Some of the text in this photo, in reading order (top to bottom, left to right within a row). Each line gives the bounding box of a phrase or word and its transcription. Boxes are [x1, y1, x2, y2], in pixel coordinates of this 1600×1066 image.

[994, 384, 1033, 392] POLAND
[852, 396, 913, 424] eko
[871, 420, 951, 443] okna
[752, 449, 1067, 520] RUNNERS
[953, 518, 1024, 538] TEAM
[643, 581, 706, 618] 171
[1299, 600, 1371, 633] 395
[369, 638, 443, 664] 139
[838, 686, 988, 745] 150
------------------------
_Problem to solve_
Transcribe each entry. Leave nothing out.

_Task output_
Some of the text in this photo, in reading order (top to bottom, left to right within a row). Each line gives the bounding box of a phrase or word and its transcription. Boxes are [x1, y1, x2, y2], in pixel coordinates of this 1600×1066 image.

[994, 384, 1033, 392] POLAND
[852, 396, 913, 424] eko
[871, 420, 951, 443] okna
[752, 449, 1067, 520] RUNNERS
[953, 518, 1024, 538] TEAM
[643, 581, 706, 618] 171
[1299, 600, 1371, 633] 395
[369, 638, 443, 664] 139
[838, 686, 988, 745] 150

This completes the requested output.